Hello! I want to insert data into an existing Google Cloud SQL server database table. The data is stored on my PC and has also been uploaded to a Google Cloud Storage bucket. How can I achieve this?
When you need to load data into a Cloud SQL , several approaches are available depending on your file format, data size, and desired level of automation. The simplest option often involves storing your data in a Cloud Storage bucket and then using the built-in Cloud SQL import feature. If your file is a CSV or SQL dump, you can quickly import it through the Google Cloud Console or with a single gcloud command. This method works well for importing data that does not require complex transformations and is in a supported format (CSV or SQL dump). It is also faster than manual methods because the data is transferred directly from GCS to Cloud SQL.
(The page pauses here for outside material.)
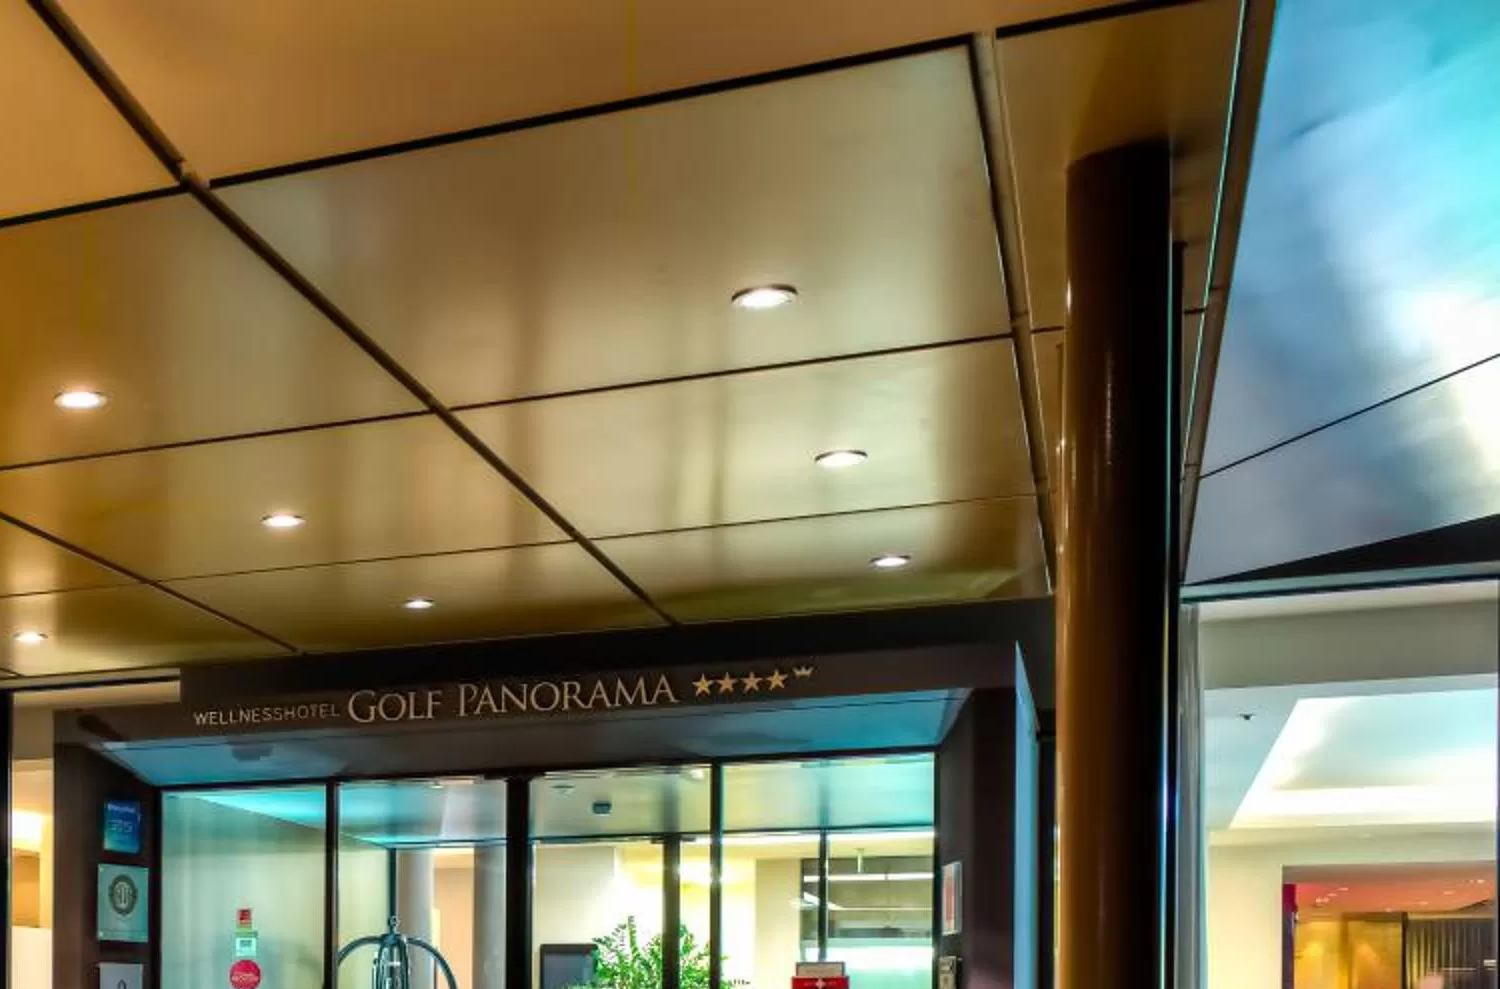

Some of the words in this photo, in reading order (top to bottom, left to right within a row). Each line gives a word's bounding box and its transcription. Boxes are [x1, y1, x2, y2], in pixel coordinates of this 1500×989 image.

[193, 704, 340, 725] WELLNESSHOTEL
[348, 689, 442, 723] GOLF
[458, 674, 678, 717] PANORAMA
Another way to upload data is by connecting to your Cloud SQL instance with a SQL client—such as MySQL’s command-line client or PostgreSQL’s psql—and using commands like LOAD DATA (for MySQL) or COPY (for PostgreSQL). These commands give more control over how data is loaded (for example, selecting specific columns or adjusting delimiters). However, when using LOAD DATA LOCAL INFILE in MySQL, ensure that the local_infile setting is enabled on both the client and server. When using COPY in PostgreSQL, you need either the Cloud SQL Auth Proxy (to mimic a local database connection) or an alternative way of staging the file in Google Cloud Storage. This method is beneficial if you already have a command-line workflow or need to break your import into smaller segments.
For those who want maximum flexibility or need to transform data before loading, writing a script in a programming language like Python is a solid choice. You can programmatically read your file—whether it’s stored locally or in a Cloud Storage bucket—and insert rows into your Cloud SQL table, applying transformations or validations as needed. This approach also works well for recurring uploads and can be automated through various Google Cloud services. Just keep in mind that large files can lead to slower performance if you insert rows one at a time; in that case, you might need to explore batch inserts or other optimizations. When constructing SQL queries dynamically, use parameterized queries to prevent SQL injection vulnerabilities.
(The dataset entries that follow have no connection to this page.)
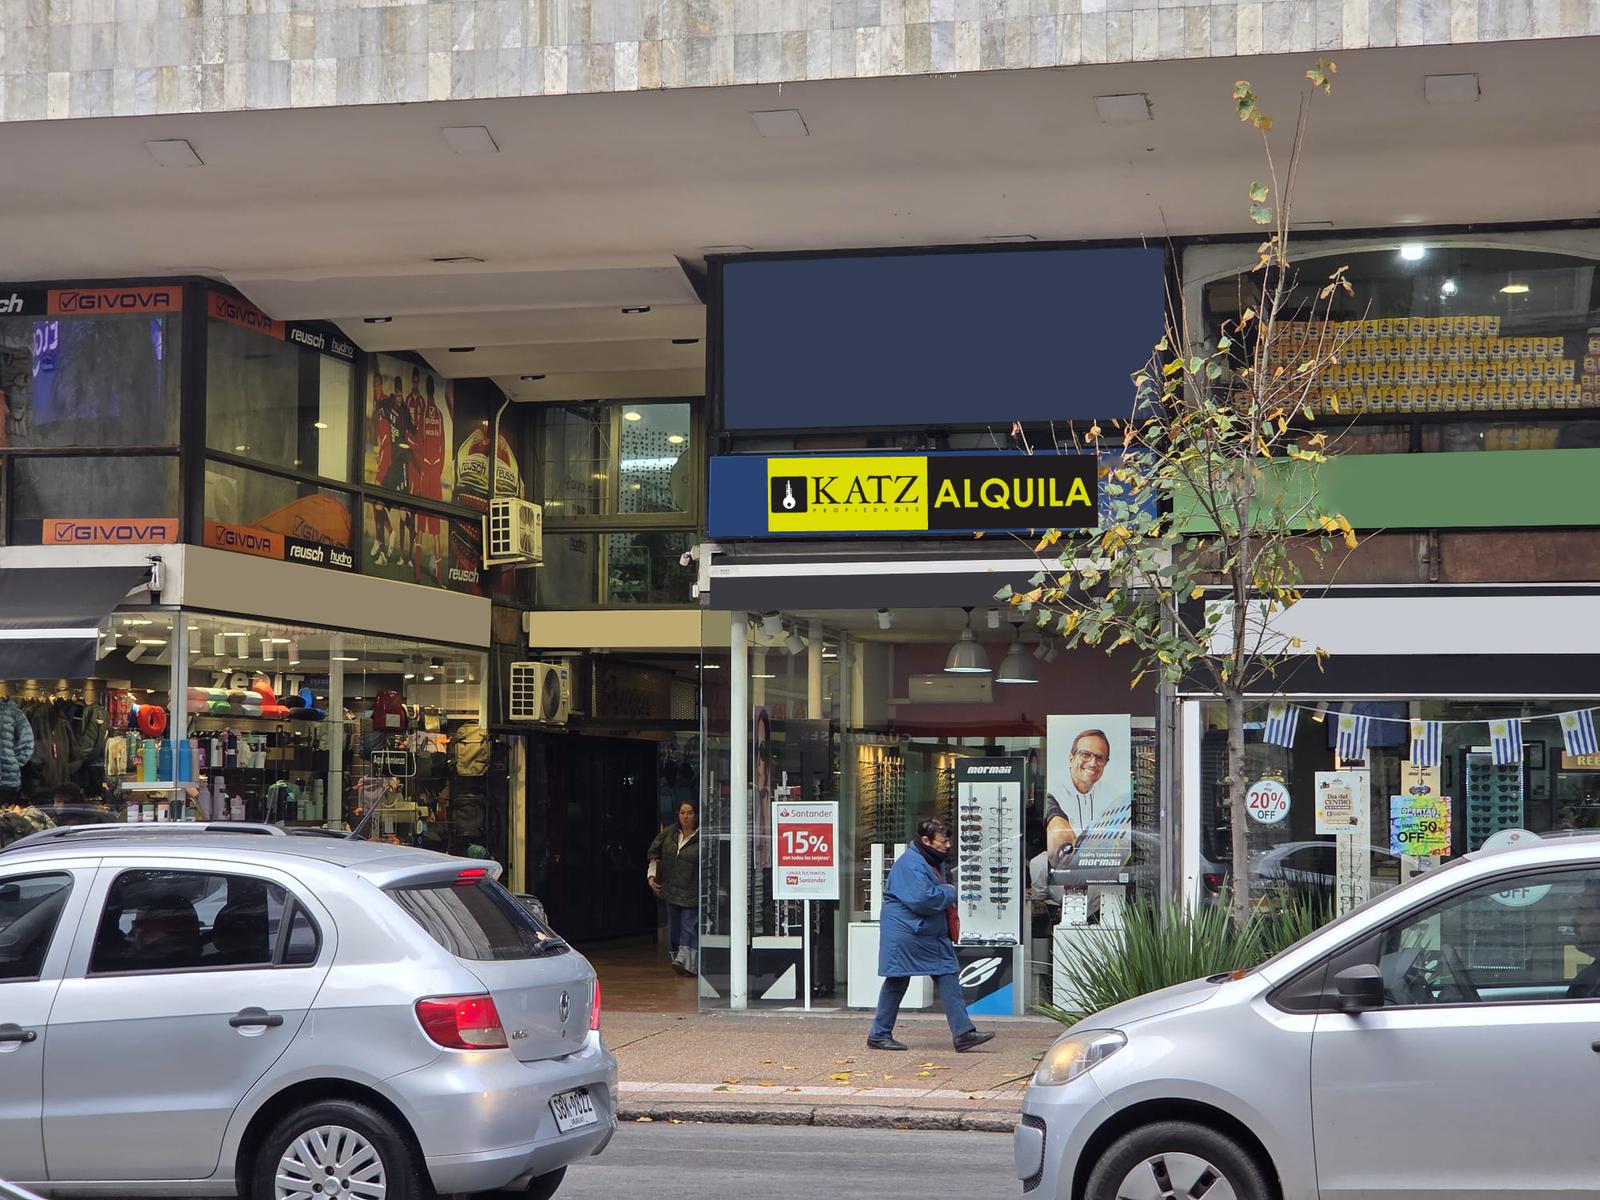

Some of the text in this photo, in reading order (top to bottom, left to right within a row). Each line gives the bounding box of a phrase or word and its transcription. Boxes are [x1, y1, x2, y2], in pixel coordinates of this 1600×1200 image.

[76, 293, 170, 310] GIVOVA
[226, 303, 273, 333] GIVOVA
[291, 327, 354, 357] reusch hydro
[811, 475, 919, 504] KATZ
[934, 477, 1092, 510] ALQUILA
[74, 524, 166, 541] GIVOVA
[225, 528, 272, 552] GIVOVA
[290, 544, 353, 568] reusch hydro
[448, 567, 480, 583] reusch
[967, 765, 1012, 774] mormaii
[1250, 791, 1286, 810] 20%
[791, 809, 832, 818] Santander
[1257, 810, 1276, 819] OFF
[782, 830, 828, 854] 15%
[1397, 831, 1425, 843] OFF
[1078, 858, 1121, 866] mormaii
Finally, if you’re handling very large datasets or plan to transform and analyze your data at scale, you can use Google’s data processing tools such as Dataflow or Data Fusion. These allow you to build pipelines that read data from Cloud Storage and write it to Cloud SQL, performing any necessary transformations along the way. For advanced analytics, you can even stage your data in BigQuery, clean or combine it with other datasets, and then copy it into Cloud SQL.
Hi @IBM-02 ,
Based on your feasibility and experience we can approach multiple ways to load the data from your local pc or bucket to GCP like cloud function(python script), data fusion, gcloud sql import, dataflow and Cloud SQL import.
The gcloud sql import command is used for importing SQL dump files or CSV files from Google Cloud Storage into Cloud SQL databases.
The Cloud SQL console provides a simple way to import files directly from Google Cloud Storage into a Cloud SQL instance by specifying the storage URL.